The dish was renamed as Tea Fragrance Chicken (茶香鸡) during the Cultural Revolution, as the Food and Drinks Company condemned the dish's as “feudalist, capitalist, and revisionist (封、资、修).” In present time, Tea Fragrance Chicken is synonymous to Magistrate's Chicken.

=== Jiu’s Roadside Chicken (九记路边鸡) ===
First introduced in the 1930s by Tan Yi at his Jiuji Dai Pai Dong (九记大排档), a congee and chicken eatery, the initially nameless dish quickly gained popularity among Yue Opera singers. As Tan requested the singers to name his popular dish, the singers named it “Roadside Chicken (路边鸡),” for the Dai Pai Dong's patrons often squatted by the roadside as they ate the chicken. Jiu's Dai Pai Dong went out of business in the 1960s, only to be resurrected by Tan Yi's grandson Tan Ruijian at its original location in 1980.

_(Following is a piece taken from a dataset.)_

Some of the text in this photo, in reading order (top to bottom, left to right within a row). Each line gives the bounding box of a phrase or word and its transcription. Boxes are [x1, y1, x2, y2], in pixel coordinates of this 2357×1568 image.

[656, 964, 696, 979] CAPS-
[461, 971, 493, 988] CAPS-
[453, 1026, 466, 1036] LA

=== Qing Ping Chicken (清平鸡) ===
Originally created by Guangzhou's Qingping Restaurant (清平酒家) in 1965. The recipe calls for young chicken from Qingyuan and Conghua County, which are poached in a salt brine and chilled in the cooking liquid. Known for its smooth and firm skins and fragrant-to-the-bone seasoning, the dish quickly gained public acclaim. The dish briefly disappeared from the general public during the Cultural Revolution due to ingredient shortage, only to reappear in 1983 with improved recipe and ingredient standards. By 1987, the Qingping Restaurant opened a second location, the two locations made record sales of 5,080 chicken per day that year.

=== Soup Poached Bass (上汤浸鲈鱼) ===
Originally described in a Qing cookbook, the recipe originated from the former Shunde County. The recipe calls for a bass of 500 – 700 grams of weight, poached in a 70 – 85 °C stock until half cooked, and then cooled with the stock. After which, the bass is once again put into hot stock until fully cooked. The bass is then plated, dressed with soy sauce, ground pepper, and peanut oil, and finally garnished with sesame.

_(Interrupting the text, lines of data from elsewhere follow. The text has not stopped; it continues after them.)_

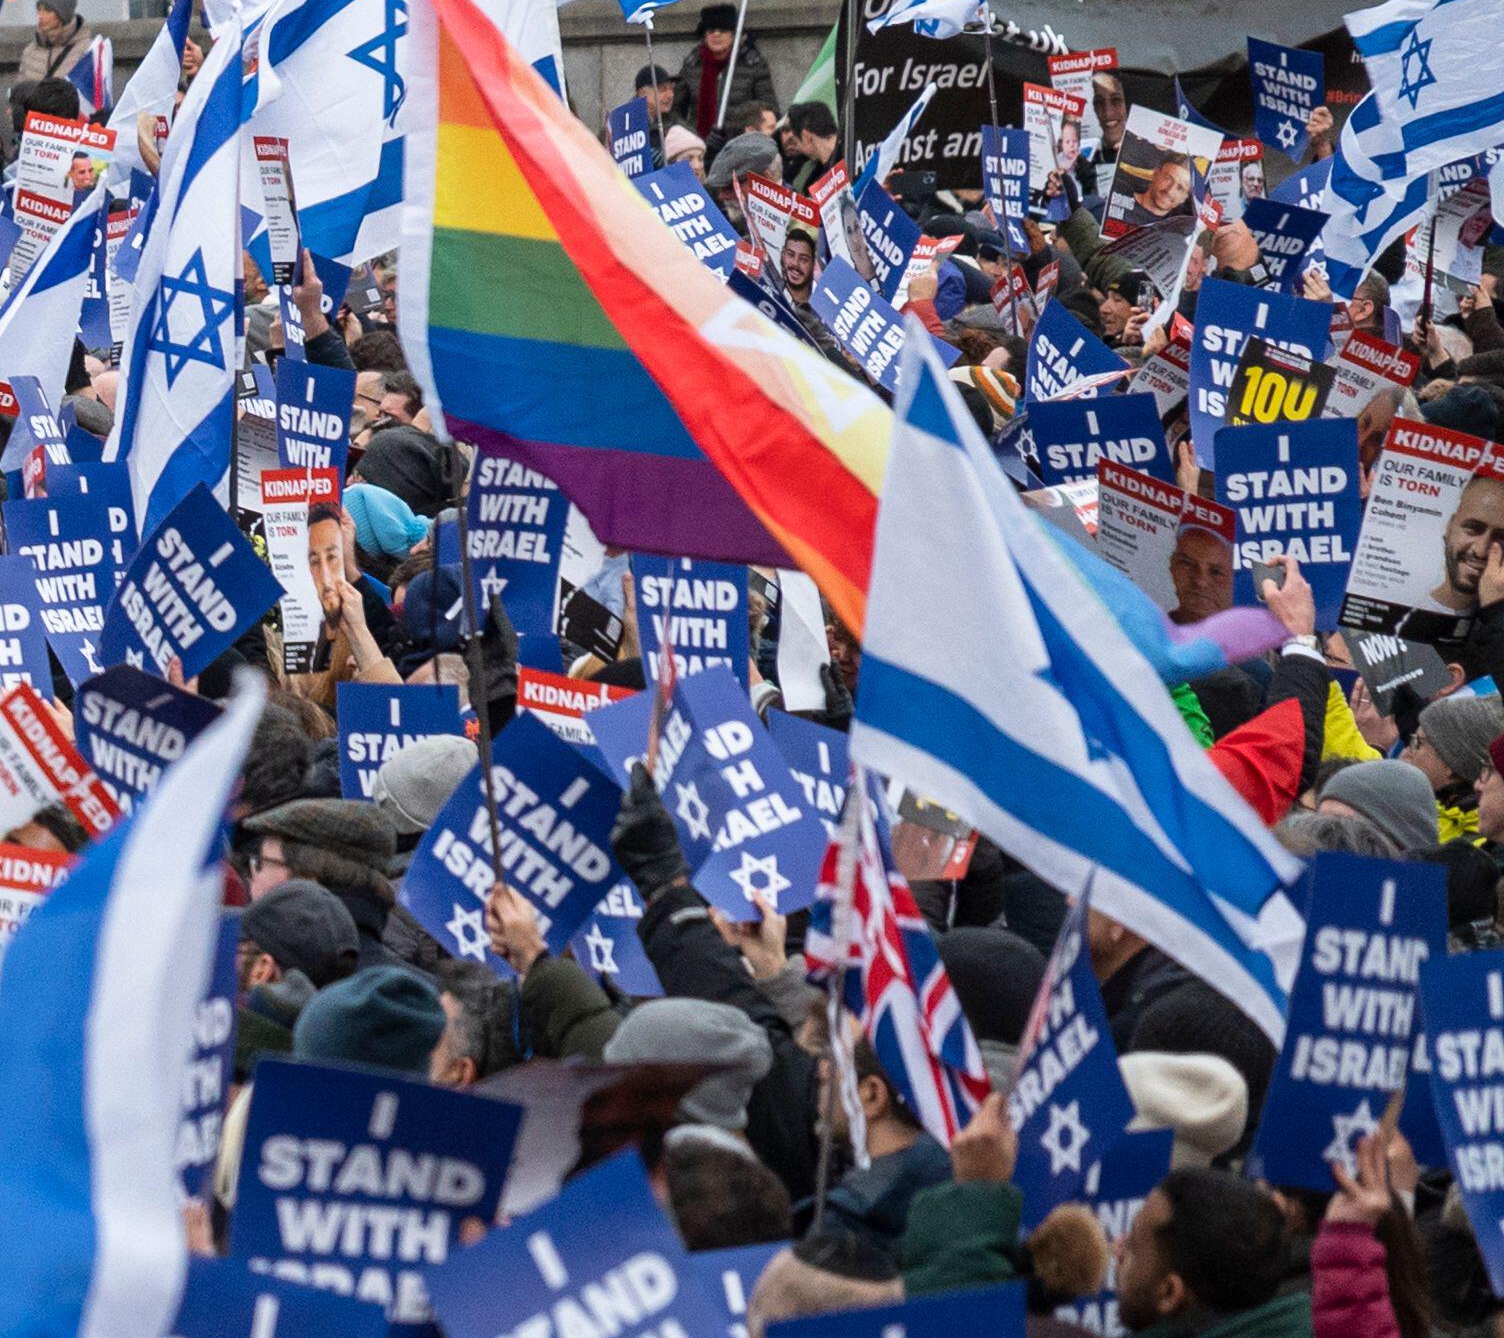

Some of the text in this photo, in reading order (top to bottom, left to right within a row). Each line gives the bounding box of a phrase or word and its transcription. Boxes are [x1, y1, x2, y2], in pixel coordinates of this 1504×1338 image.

[854, 57, 988, 98] For Israel
[1254, 63, 1317, 91] STAND
[29, 115, 109, 146] KIDNAPPED
[280, 406, 343, 440] STAND
[264, 477, 332, 500] KIDNAPPED
[1225, 468, 1347, 502] STAND
[1383, 458, 1467, 489] OUR FAMILY
[1397, 478, 1442, 498] TORN
[1099, 491, 1128, 513] OUR
[1103, 466, 1225, 528] KIDNAPPED
[276, 524, 298, 537] TORN
[1117, 513, 1158, 536] TORN
[1236, 502, 1337, 535] WITH
[35, 577, 95, 603] WITH
[1321, 983, 1415, 1038] WITH
[367, 1091, 393, 1141] I
[257, 1132, 489, 1208] STAND
[275, 1196, 451, 1263] WITH
[524, 1231, 570, 1288] I

=== Shrimp Dumplings (虾饺) ===
Originally created in Wufengxiang (五凤乡) in 1920s – a locality in Guangzhou's southern suburbs – the dim sum quickly gained popularity in the urban center, and became a staple item in teahouses. The original recipe called for relatively thick skins made of wheat starch, as opposed to the exceedingly thin skins found in present-day recipes. In the 1960s, dim sum chef Luo Kun standardized the dumpling's shape, which resembled a white bunny – the dim sum dish is therefore also known as White Bunny Dumplings (白兔饺).

=== Cantonese Style Mooncakes (广式月饼) ===
This style of mooncakes is prevalent in Guangdong, Hainan, and Guangxi provinces, and could often be found in regions with significant Chinese populations. Cantonese style mooncakes are known for their delicate production and diverse varieties, and has been exported in an official capacity since the 1950s, and export expanded ever after. Lianxianglou (莲香楼), under state directives, became one of the most notable and prolific mooncake producers and exporters in the 1950s – 1980s.

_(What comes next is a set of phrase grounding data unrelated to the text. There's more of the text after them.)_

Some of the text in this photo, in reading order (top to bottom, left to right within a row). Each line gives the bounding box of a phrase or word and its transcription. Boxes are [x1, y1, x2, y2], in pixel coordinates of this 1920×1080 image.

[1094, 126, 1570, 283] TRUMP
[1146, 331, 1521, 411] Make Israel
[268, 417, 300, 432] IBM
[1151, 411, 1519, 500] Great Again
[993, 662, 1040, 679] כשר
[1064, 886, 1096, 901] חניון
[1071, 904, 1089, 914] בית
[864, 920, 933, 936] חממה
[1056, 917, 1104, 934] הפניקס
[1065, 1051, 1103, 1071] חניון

Cantonese style mooncakes represent one of the most recognizable variants of Chinese mooncakes today. Cantonese style mooncakes are often made with a sweet pastry and often come in different patterns on the outside. Fillings can be sweet, savory, or a combination of both, with the most famous filling being lotus paste. This style of mooncakes could also be found with bean paste, candied nuts, ham, salted duck eggs, and even seafood fillings made from dried shark fins and scallions.

=== Dechang Fried Savory Pancakes (德昌咸煎饼) ===
Originally developed by Dechang Teahouse's (德昌茶楼) dim sum chef Tan Zu, this affordable fried pancake made from oiled pastry, sugar, fermented bean curd, and sesame quickly gained popularity among the teahouse's patrons. In 1947, a Vietnamese Chinese who sampled this pancake was so impressed that he sealed a few fresh pancakes in a metal container and shared it with his family back home.

In 1957, Dechang's savory pancakes was ranked number one in the official competition for Guangzhou's famous dishes and dim sums.